Cumulative assessments make students’ stress level spike
December 14, 2018
If a person looks around and sees students looking exhausted and flipping through flashcards, chances are they are stressing about upcoming final exams.
Long term or severe stress can have very negative effects on the body and a person’s mental health. This is becoming a nationwide problem for today’s youth.
The definition of stress is being in a mental or emotional state of suspension or strain. Stressing out about tests and assessments only hinders performance levels.
“Students often report anxiety related to the increasing numbers of tests which intend to evaluate their level of competence on a given topic,” North psychologist Diana Klemetson said.
According to Klemetson, students who experience test anxiety tend to worry a lot and even develop stomachaches and nausea, but anxiety is only part of the broad spectrum of examination stress, and parents do not make it any easier.”
“I…feel that parents… make a big deal out of grades which makes me feel pressured to do well,” junior Lela Lazic said.
In Dr. Justin Laube’s article “How Stress Affects Your Body, from Your Brain to Your Digestive System” he talks about all the different effects stress has on a person’s health. According to Laube, if a person’s stress becomes long term and “[l]eft unchecked, severe stress — the kind that continues for months or years — is more apt to lead to serious illness than short-term stressors do.”
Stress hormones can affect a person’s sleep leading to an increased risk of high blood pressure, heart disease and stroke. There is also an increased risk of anxiety and depression.
In the article “Stress and Heart Health” The American Heart Association indicates that “[m]ore research is needed to determine how stress contributes to heart disease… [b]ut stress may affect behaviors and factors that increase heart disease risk: high blood pressure and cholesterol levels, smoking, phyisical inactivity and overeating. Some people may choose to drink too much alcohol or smoke cigarettes to `manage` their chronic stress; however, these habits can increase blood pressure and may damage artery walls.”
When stressed, the body releases the adrenaline hormone which causes a person’s blood pressure to increase and heart rate to speed up. This is the body’s way of preparing an individual for the ‘flight or fight” stress response, and the after effects of constant stress continue on and off for weeks.
The article “Examination Stress and Test anxiety” published by the British Psychological Society claimed that “[w]hether one adopts a test anxiety or examination stress perspective, they have both been associated with a negative impact on examination performance.”
Upon reviewing research studies conducted in universities and other schools, the society found that poor performances and raging anxiety are products of poor studying skills.
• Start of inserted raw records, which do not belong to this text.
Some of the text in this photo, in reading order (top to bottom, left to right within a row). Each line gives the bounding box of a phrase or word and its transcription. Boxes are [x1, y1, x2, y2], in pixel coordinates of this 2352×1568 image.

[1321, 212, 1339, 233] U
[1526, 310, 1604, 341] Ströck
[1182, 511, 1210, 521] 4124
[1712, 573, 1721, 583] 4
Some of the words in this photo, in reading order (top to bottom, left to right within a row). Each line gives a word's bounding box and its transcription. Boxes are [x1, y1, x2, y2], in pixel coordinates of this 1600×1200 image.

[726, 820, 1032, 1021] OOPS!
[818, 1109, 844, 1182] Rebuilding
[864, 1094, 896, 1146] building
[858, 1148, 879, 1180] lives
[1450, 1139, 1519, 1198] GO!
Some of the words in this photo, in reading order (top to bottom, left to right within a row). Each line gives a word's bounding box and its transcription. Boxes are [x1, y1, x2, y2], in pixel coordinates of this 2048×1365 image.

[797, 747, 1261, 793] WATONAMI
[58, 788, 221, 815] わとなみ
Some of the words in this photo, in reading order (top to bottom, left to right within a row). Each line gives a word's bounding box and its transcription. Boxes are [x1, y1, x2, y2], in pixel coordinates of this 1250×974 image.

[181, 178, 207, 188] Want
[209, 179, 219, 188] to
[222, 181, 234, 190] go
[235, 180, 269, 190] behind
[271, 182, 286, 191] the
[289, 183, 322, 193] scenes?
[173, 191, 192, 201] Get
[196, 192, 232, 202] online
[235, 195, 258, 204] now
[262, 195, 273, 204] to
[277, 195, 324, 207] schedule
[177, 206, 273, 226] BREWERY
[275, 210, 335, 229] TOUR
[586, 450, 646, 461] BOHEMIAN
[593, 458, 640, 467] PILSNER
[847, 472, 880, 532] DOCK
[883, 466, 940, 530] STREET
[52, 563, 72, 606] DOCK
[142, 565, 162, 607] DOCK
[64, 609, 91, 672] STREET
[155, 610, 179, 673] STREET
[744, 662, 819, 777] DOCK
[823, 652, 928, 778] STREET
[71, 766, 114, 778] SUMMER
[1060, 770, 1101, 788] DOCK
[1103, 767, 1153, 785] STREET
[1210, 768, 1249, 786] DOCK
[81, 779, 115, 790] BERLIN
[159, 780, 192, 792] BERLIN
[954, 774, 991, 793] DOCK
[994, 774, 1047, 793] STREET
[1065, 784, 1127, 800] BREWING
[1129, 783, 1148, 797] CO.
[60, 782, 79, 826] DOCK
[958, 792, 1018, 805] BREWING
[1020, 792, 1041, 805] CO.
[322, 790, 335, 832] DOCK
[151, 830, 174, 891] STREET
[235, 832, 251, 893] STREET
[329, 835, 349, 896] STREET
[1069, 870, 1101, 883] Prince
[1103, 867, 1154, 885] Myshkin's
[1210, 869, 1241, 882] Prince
“The times I didn’t study I was freaking out because I didn’t know anything, and I felt like I just ran a mile,” senior Alicia Sinclair said.
A survey by the Naperville Sun concluded that 50% of teenagers won’t talk about being stressed out and that 70% of them currently are.
“Seven of 10 seventh-graders and nearly eight in 10 high school sophomores say they experience moderate or high levels of daily stress,” contact reporter Suzanne Baker said. “About half of both groups say the stress makes it difficult to perform daily tasks because they’re overwhelmed by anxiety and they lack focus and the ability to concentrate.”
According to Thomas J. Huberty, director of the psychology program and professor at Indiana University, some ways students can reduce stress are by making rhymes to help them remember the material as well as avoiding sarcasm, criticism and other negative comments.
“Mnemonic devices…really do save your grade… The more they rhyme, the more likely I [remember what we learned],” Sinclair said.
Dr. Alex Lickerman in his article “Eight Ways to Remember Anything” said the key to remember learned material is by becoming interested in what is being taught, creating a mental memory tree and figuring out how to leverage visual memory as it has been proven that humans remember things in small quantities better than chunking them together.
“If you’re trying to memorize a large number of facts, find a way to relate them in your mind visually with a memory tree…” Lickerman said. “Branches and leaves should carry labels that are personally meaningful to you in some way, and the organization of the facts …should be logical.”